1) that the semantic and phonological representations of any item are not entirely separated, so that either type of representation may be used to activate a word for recognition or production. Although it may be the case (and indeed seems very logical if you look at how we approach finding a word that we want to say/write in a certain context) that semantic organisation is more helpful for production, it definitely is not the case the phonological representations play no role at all in the activation of lexical items for production.

2) that physical conditions can impaire the brain’s ability to direct and manipulate the usual decision-making mechanisms used to activate the correct lexical items – but that these breakdowns in normal service can actually reveal a lot about the mental lexicon and how we access it.
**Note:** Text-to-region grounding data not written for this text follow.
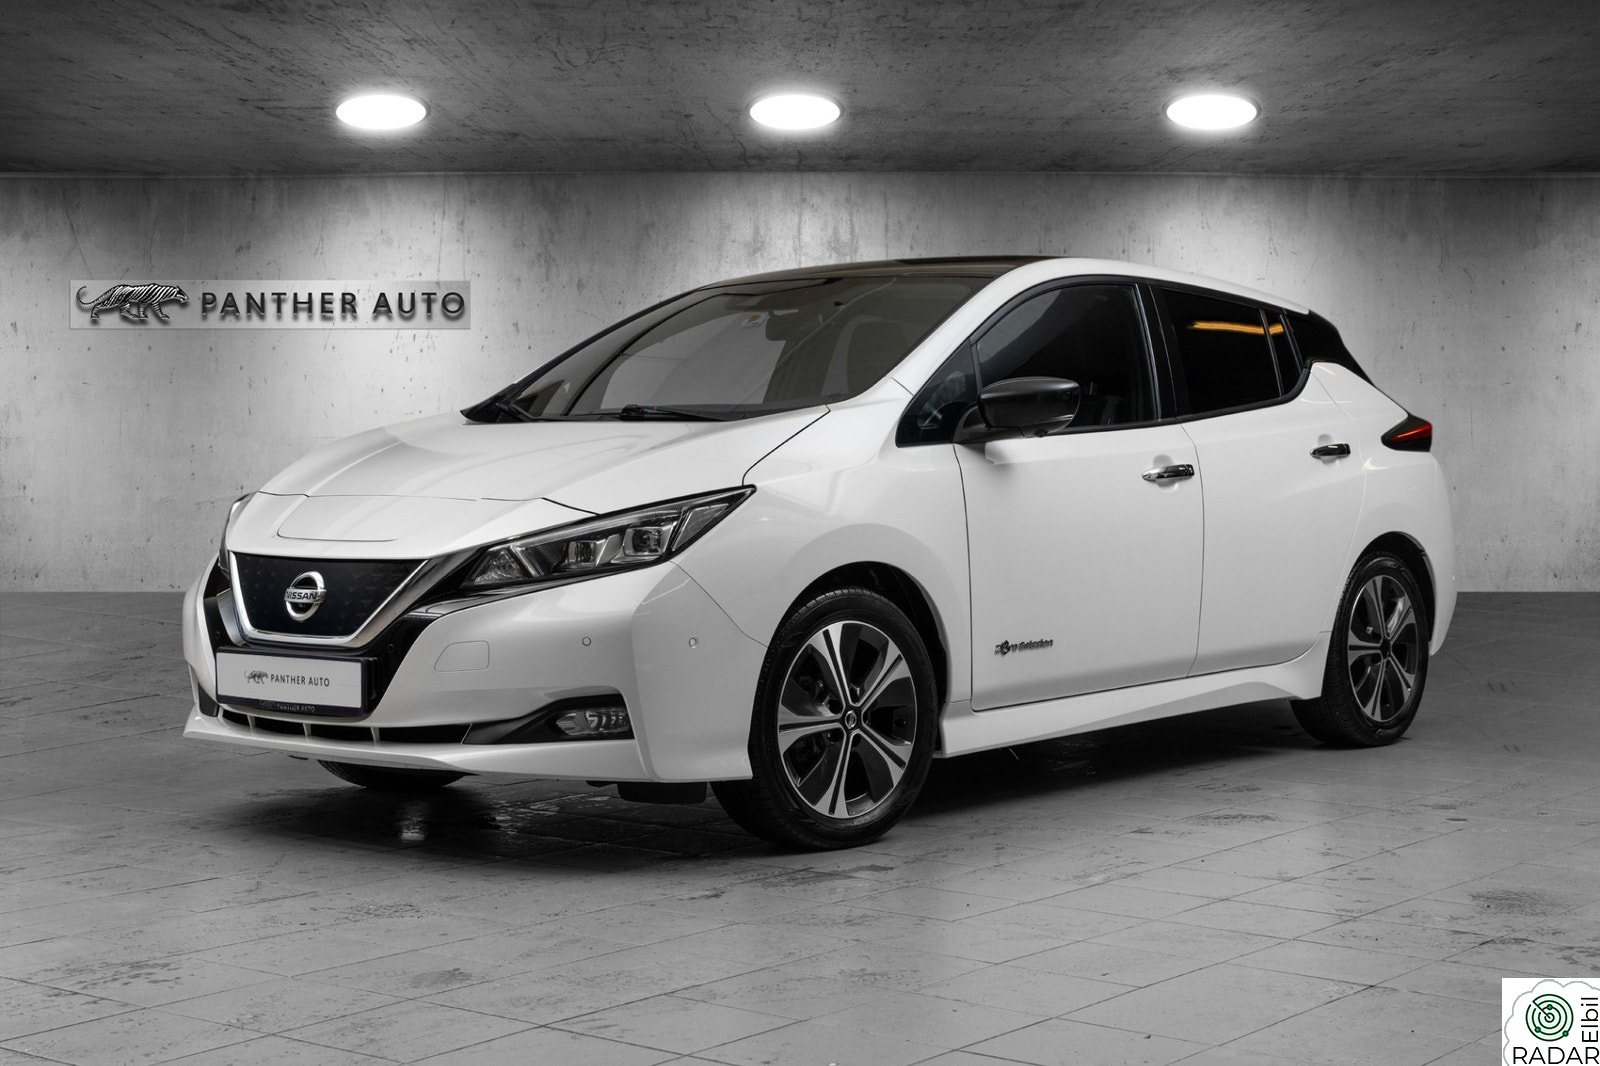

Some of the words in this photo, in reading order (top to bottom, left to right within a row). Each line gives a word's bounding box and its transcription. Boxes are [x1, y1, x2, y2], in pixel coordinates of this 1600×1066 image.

[201, 291, 358, 316] PANTHER
[372, 291, 465, 316] AUTO
[286, 590, 318, 600] NISSAN
[270, 673, 306, 686] PANTHER
[308, 676, 330, 688] AUTO
We can find anecdotal as well as scientific evidence to support this idea .   I’ve recently read, for example, about schizophrenics’ language use, which highlights the competition going on within the mental lexicon (e.g. Obrebska & Obrebska, 2007) . And, of course, my colleague’s tiredness led to some amusing examples, which can not only be used to cheer us up on a rainy February day, but also provide a little amusing insight into the wonders of the mental leprechaun… I mean, lexicon! 🙂


Aitchison, J., Words in the Mind: An Introduction to the Mental Lexicon (Blackwell, 2003)
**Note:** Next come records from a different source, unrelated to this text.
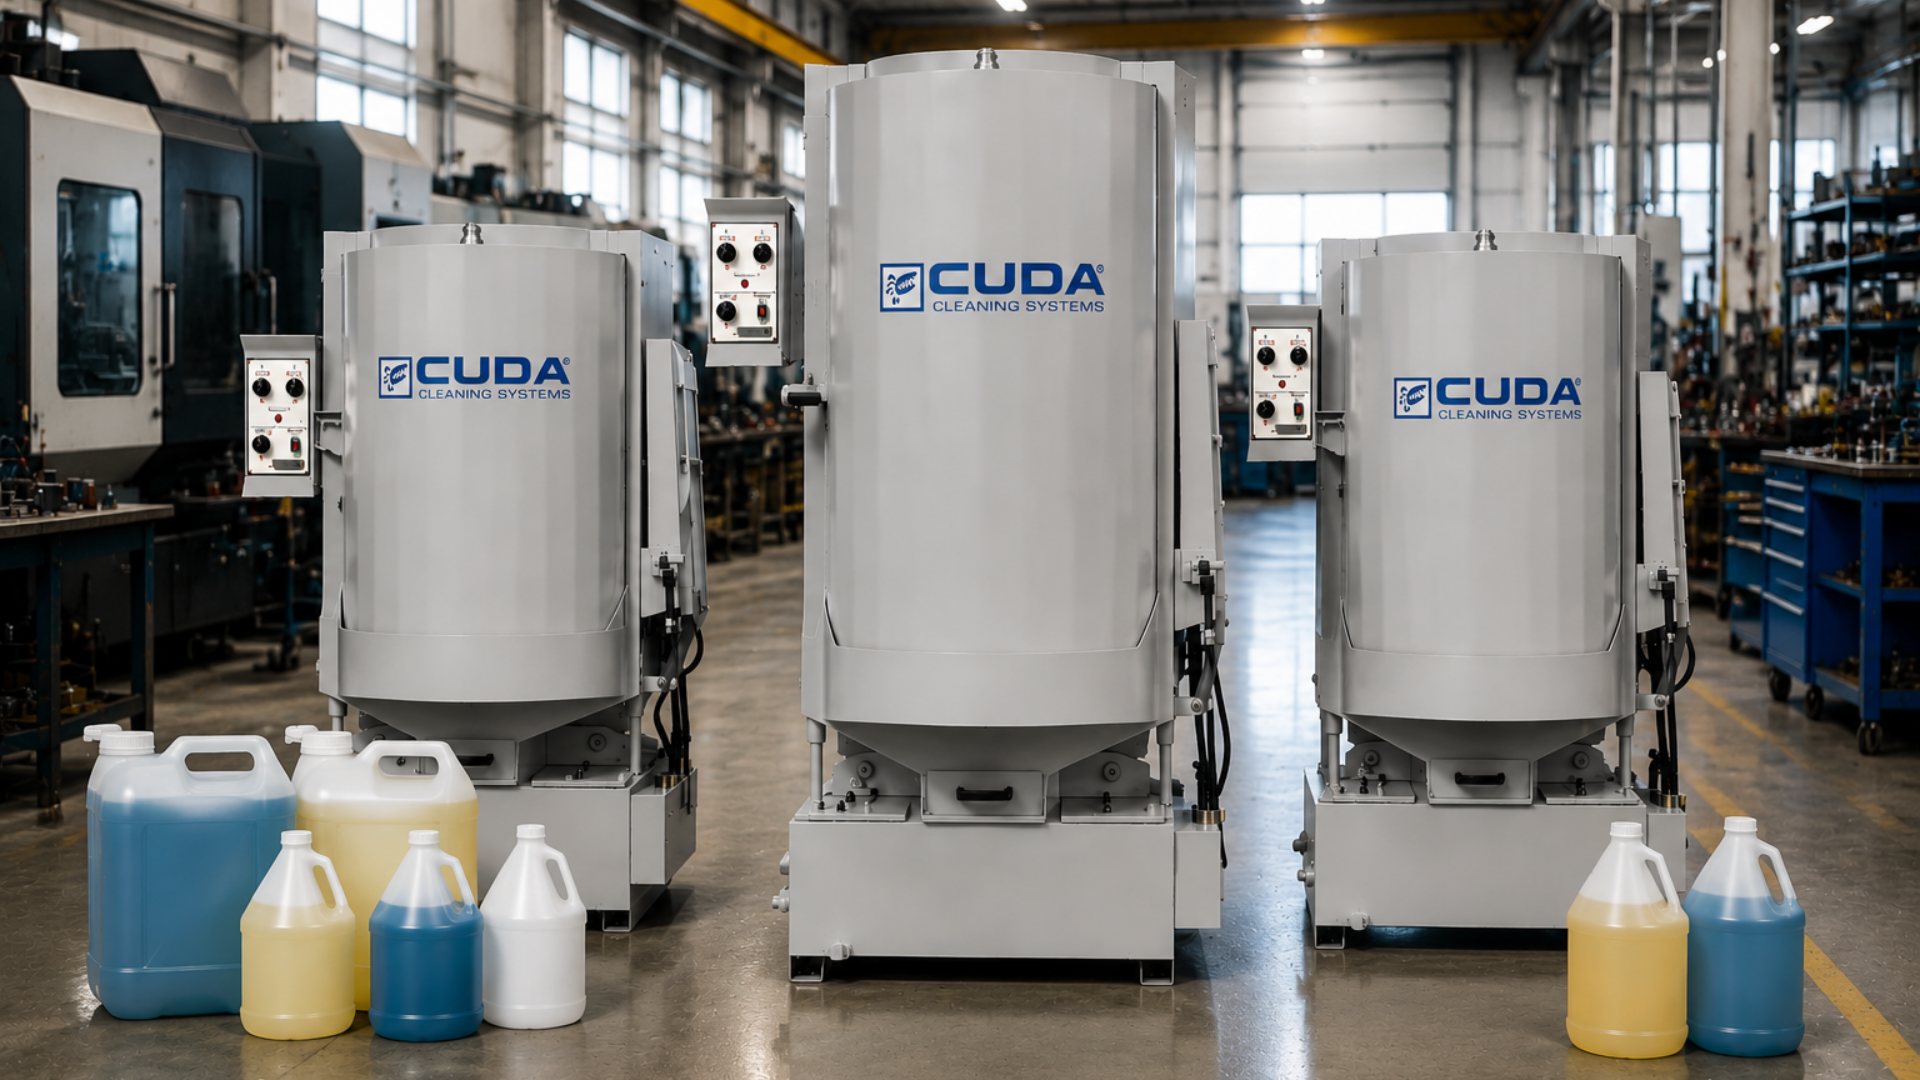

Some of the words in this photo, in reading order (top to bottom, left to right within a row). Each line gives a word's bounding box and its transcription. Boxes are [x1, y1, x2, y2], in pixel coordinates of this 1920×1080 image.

[932, 300, 1020, 312] CLEANING
[1025, 300, 1105, 312] SYSTEMS
[418, 389, 492, 400] CLEANING
[498, 389, 571, 400] SYSTEMS
[1438, 409, 1513, 420] CLEANING
[1518, 409, 1582, 420] SYSTEMS
Copeland, D. & G. Radvansky, “Phonological Similarity in Working Memory”, Memory & Cognition, 2001, 29 (5), 774-776. Accessed at http://www3.nd.edu/~memory/Reprints/Copeland%20&%20Radvansky%202001%20(Memory%20&%20Cognition).pdf on 20.2.2014

Obrebska, M. & T. Obrebska, “Lexical and grammatical Analysis of Schizophrenic Patients’ Language: A Preliminary Report”, Psychology of Language and Communication, 2007, Vol. 11, No. 1, 63-72. Accessed at http://www.plc.psychologia.pl/plc/plc/contents/fulltext/11-1_4.pdf on 20.2.2014.
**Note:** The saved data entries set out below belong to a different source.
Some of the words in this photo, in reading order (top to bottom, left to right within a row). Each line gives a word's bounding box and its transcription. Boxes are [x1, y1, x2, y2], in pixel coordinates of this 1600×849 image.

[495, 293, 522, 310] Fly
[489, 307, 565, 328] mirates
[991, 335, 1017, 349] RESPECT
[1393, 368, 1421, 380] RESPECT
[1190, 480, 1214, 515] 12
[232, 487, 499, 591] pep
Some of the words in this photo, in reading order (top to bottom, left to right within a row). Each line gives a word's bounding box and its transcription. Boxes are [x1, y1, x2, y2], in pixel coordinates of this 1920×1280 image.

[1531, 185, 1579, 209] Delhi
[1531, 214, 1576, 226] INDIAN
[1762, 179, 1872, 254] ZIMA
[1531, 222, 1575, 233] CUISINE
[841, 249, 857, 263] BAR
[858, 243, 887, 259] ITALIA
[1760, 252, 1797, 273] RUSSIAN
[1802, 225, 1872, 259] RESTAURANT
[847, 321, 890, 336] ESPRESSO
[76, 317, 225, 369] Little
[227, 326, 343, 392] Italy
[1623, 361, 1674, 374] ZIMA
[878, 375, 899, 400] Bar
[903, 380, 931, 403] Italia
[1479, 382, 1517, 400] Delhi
Yip, M.C.W., “What is similar in phonological-similarity effect?, School of Arts & Social Sciences, The Open University of Hong Kong, 2004. Accessed at http://www.cogsci.northwestern.edu/cogsci2004/ma/ma155.pdf on 20.2.14


3 thoughts on “Everyday Examples of Mental Lexicon Representations

  1. With regards to L2 vocab learning, you mean? Well, I’d say our understandings of the mental lexicon would suggest that learning new words simply from word lists, i.e. not used in context, might lead to insufficient semantic connections being built up between words, which could negatively affect the learner’s ability to ‘access’ the right lexical item when producing language. I’d also say that we need to train students in understanding morphological links between word families to help increase their vocab inventories and ability to access related words. Also words which are ‘known’ in written form may not be recognised and understood in speech, if the students have never encountered them orally, so a mix of written and oral exposure is necessary.
    Not sure that helps with starting a thesis, but there’s plenty of literature out there which discusses these things!